Van Andel Institute: New Study On Pregnancy, Depression & Inflammation
A number of women experience depression or "baby blues" after pregnancy. But severe pregnancy related depression could now be linked to inflammation. That, from a new study authored by a professor from the Van Andel Institute.
“Baby Blues is very common. Up to 90-percent of women experience that after delivery.”
Dr. Lena Brundin is an associate professor at Van Andel Institute. She’s also the senior author of a new study that links severe depression in pregnancy to inflammation. She says while the “baby blues” is common and generally caused by rapid hormonal changes— there’s a big difference in a more chronic depression, longer than a week. Dr. Brundin says the study shows, a runaway, inflammatory immune response may be responsible for triggering severe depression during and after pregnancy.
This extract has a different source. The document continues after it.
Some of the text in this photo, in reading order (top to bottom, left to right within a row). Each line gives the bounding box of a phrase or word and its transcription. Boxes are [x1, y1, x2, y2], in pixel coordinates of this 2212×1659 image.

“We thought, that maybe women who are sensitive to inflammatory changes could be sensitive to what’s going on during pregnancy because there’s a lot of changes in the immune system during pregnancy.”
Dr. Brundin says that is in fact what they found. The women with the highest levels of inflammation in their blood were the severely ill women, right after pregnancy.
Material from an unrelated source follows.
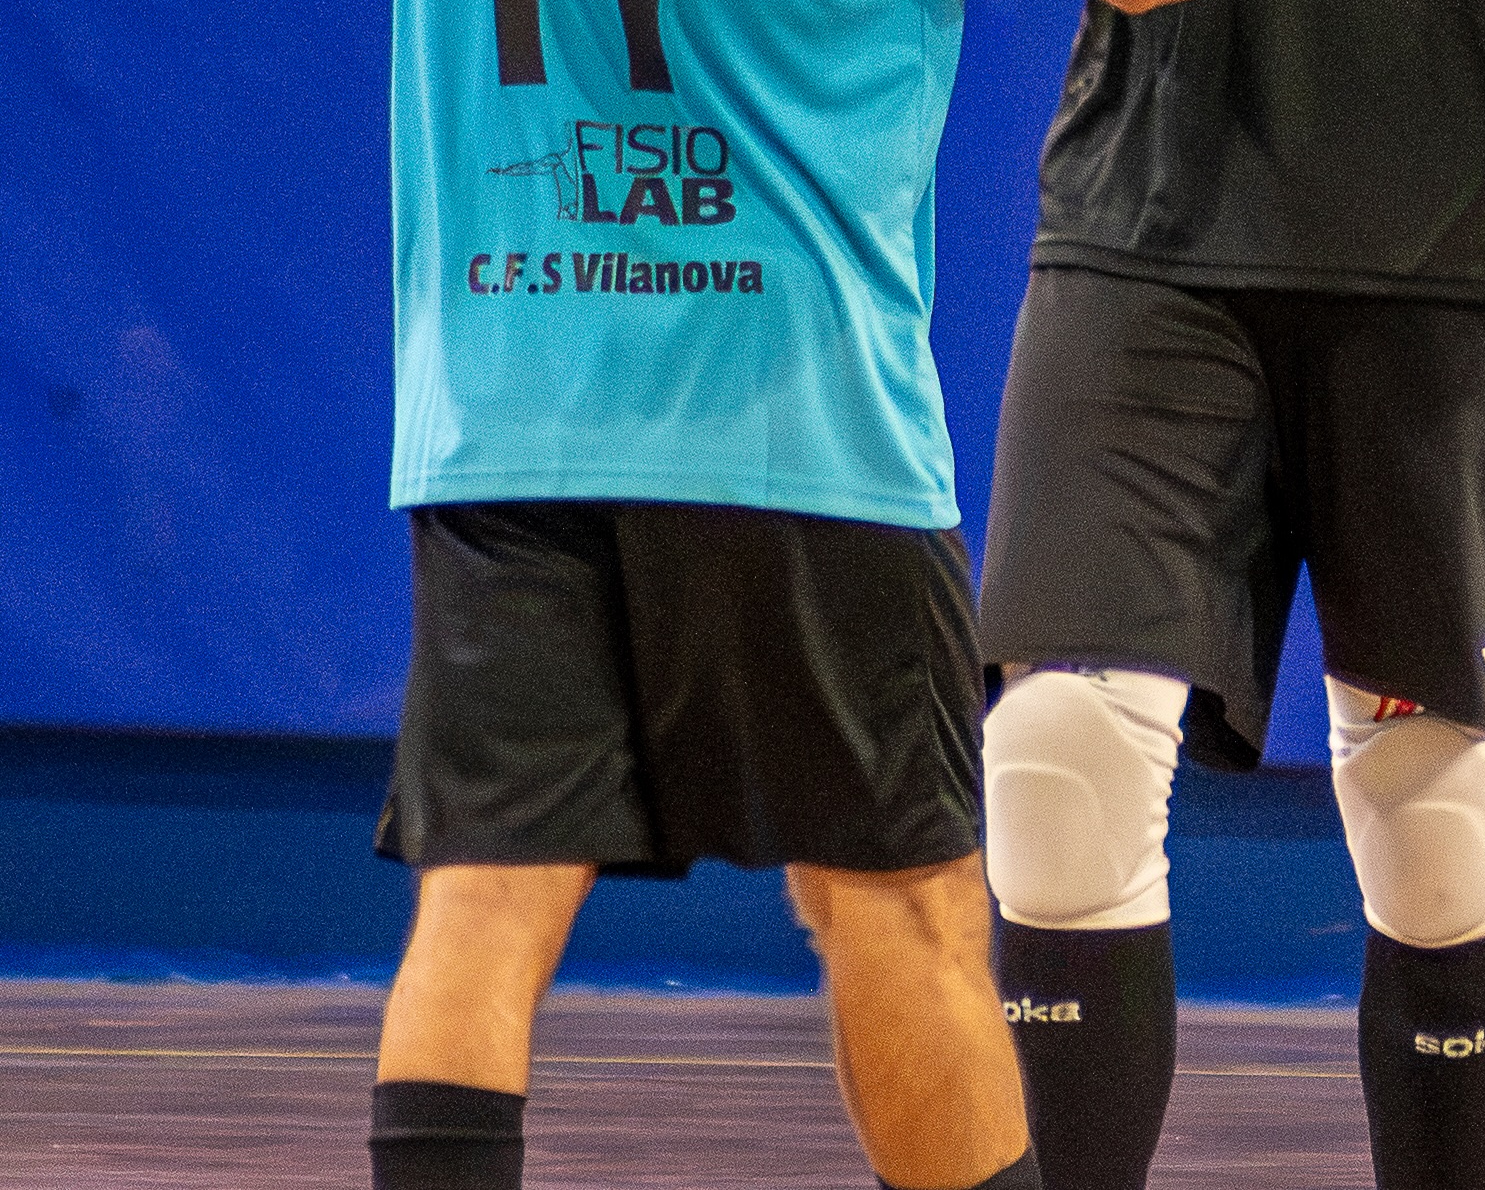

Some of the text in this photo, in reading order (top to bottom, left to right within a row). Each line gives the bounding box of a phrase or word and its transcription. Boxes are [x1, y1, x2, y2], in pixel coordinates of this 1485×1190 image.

[575, 120, 728, 176] FISIO
[581, 174, 737, 226] LAB
[468, 252, 764, 295] C.F.S Vilanova
[1003, 997, 1081, 1022] oka
Dr. Brundin and a team, which includes researchers from Pine Rest Christian Mental Health Services and Michigan State University analyzed blood samples from 165 patient volunteers at Pine Rest’s Mother and Baby Program and the Obstetrics and Gynecology Clinic at Spectrum Health in Grand Rapids. Brundin says from the study they may be able to determine who is at risk of developing depression through blood samples.
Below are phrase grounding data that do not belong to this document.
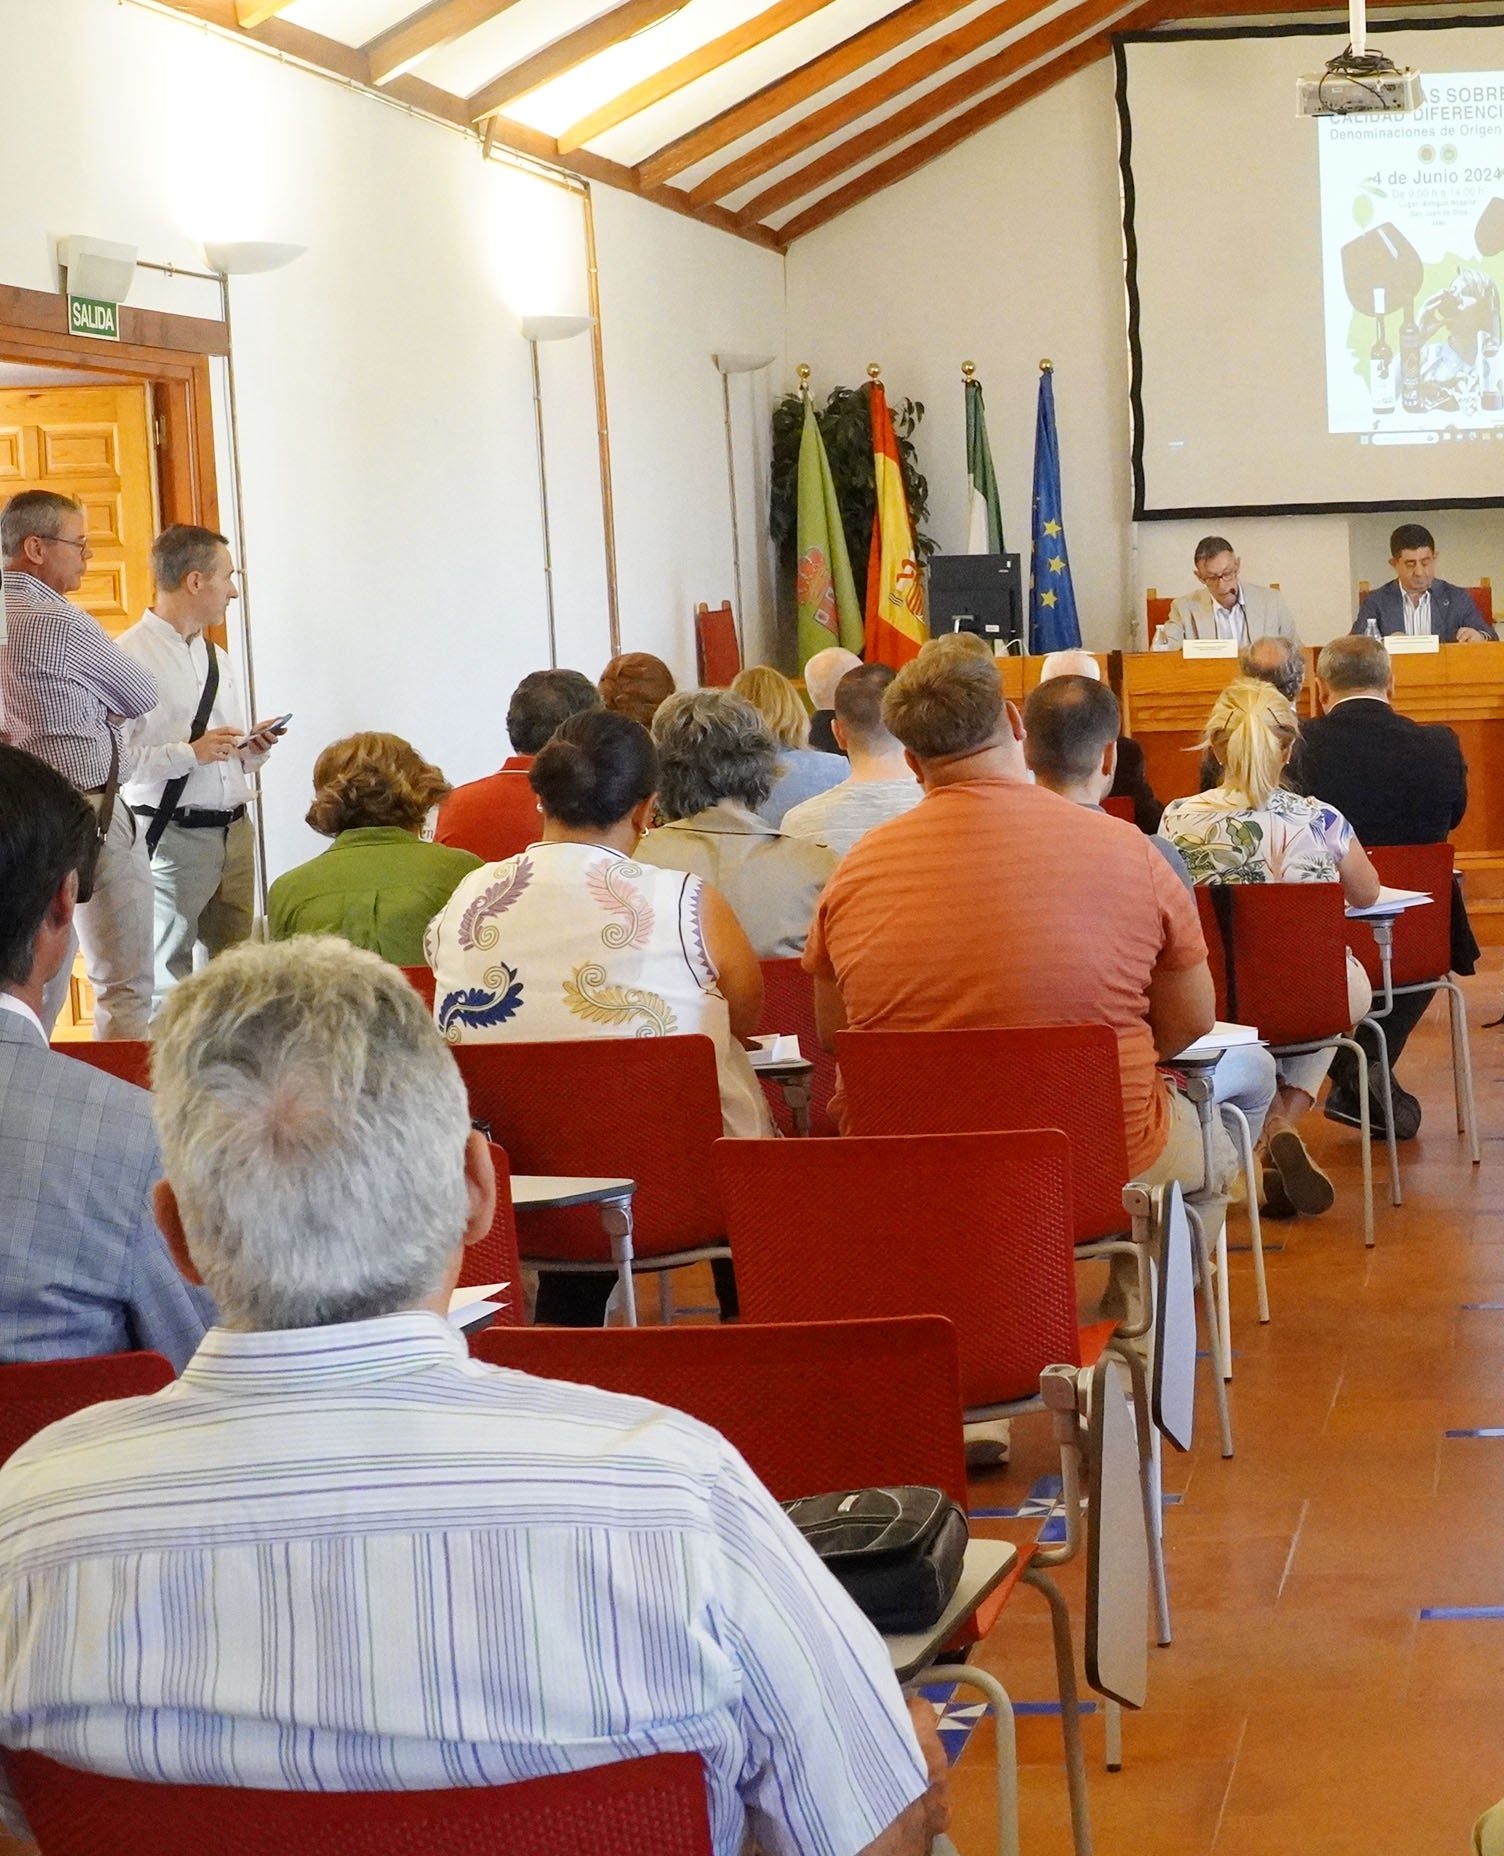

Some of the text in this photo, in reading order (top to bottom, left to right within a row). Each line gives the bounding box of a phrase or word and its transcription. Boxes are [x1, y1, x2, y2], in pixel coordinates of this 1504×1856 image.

[1330, 127, 1436, 140] Denominaciones
[1440, 124, 1455, 137] de
[1460, 123, 1502, 138] Origen
[1388, 170, 1407, 185] de
[1413, 168, 1459, 185] Junio
[1464, 167, 1502, 183] 2024
[73, 302, 115, 331] SALIDA
“And then, we could do several things. These women could be seen earlier for their check-up. We can make sure things are going ok, so that preventative measures could be taken. There’s also an opportunity to counteract inflammation. There’s a lot of anti-inflammatory medications out there already. And so, our next steps might be to test some of these medications for post-partum depression.”
The new study is published in the journal, Brain, Behavior and Immunity.